* Work order *
Please print each record exactly, omitting none of them.

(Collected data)
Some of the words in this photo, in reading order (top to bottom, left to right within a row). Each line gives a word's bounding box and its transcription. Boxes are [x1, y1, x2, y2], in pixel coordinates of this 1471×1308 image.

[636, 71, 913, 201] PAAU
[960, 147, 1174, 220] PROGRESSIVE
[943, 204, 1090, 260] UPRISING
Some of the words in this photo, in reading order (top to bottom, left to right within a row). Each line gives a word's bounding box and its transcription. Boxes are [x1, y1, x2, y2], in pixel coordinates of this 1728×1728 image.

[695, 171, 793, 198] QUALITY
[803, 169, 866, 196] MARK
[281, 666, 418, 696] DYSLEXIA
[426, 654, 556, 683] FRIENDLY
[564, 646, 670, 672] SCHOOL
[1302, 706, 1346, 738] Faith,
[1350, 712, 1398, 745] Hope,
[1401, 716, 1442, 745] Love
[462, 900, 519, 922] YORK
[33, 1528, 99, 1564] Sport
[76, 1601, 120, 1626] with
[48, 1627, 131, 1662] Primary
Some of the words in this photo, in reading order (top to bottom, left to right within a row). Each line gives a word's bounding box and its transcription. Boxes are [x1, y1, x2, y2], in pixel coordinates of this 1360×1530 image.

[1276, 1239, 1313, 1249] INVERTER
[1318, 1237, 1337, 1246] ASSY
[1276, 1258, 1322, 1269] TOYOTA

* Task output *
Some of the words in this photo, in reading order (top to bottom, left to right within a row). Each line gives a word's bounding box and its transcription. Boxes are [x1, y1, x2, y2], in pixel coordinates of this 1471×1308 image.

[636, 71, 913, 201] PAAU
[960, 147, 1174, 220] PROGRESSIVE
[943, 204, 1090, 260] UPRISING
Some of the words in this photo, in reading order (top to bottom, left to right within a row). Each line gives a word's bounding box and its transcription. Boxes are [x1, y1, x2, y2], in pixel coordinates of this 1728×1728 image.

[695, 171, 793, 198] QUALITY
[803, 169, 866, 196] MARK
[281, 666, 418, 696] DYSLEXIA
[426, 654, 556, 683] FRIENDLY
[564, 646, 670, 672] SCHOOL
[1302, 706, 1346, 738] Faith,
[1350, 712, 1398, 745] Hope,
[1401, 716, 1442, 745] Love
[462, 900, 519, 922] YORK
[33, 1528, 99, 1564] Sport
[76, 1601, 120, 1626] with
[48, 1627, 131, 1662] Primary
Some of the words in this photo, in reading order (top to bottom, left to right within a row). Each line gives a word's bounding box and its transcription. Boxes are [x1, y1, x2, y2], in pixel coordinates of this 1360×1530 image.

[1276, 1239, 1313, 1249] INVERTER
[1318, 1237, 1337, 1246] ASSY
[1276, 1258, 1322, 1269] TOYOTA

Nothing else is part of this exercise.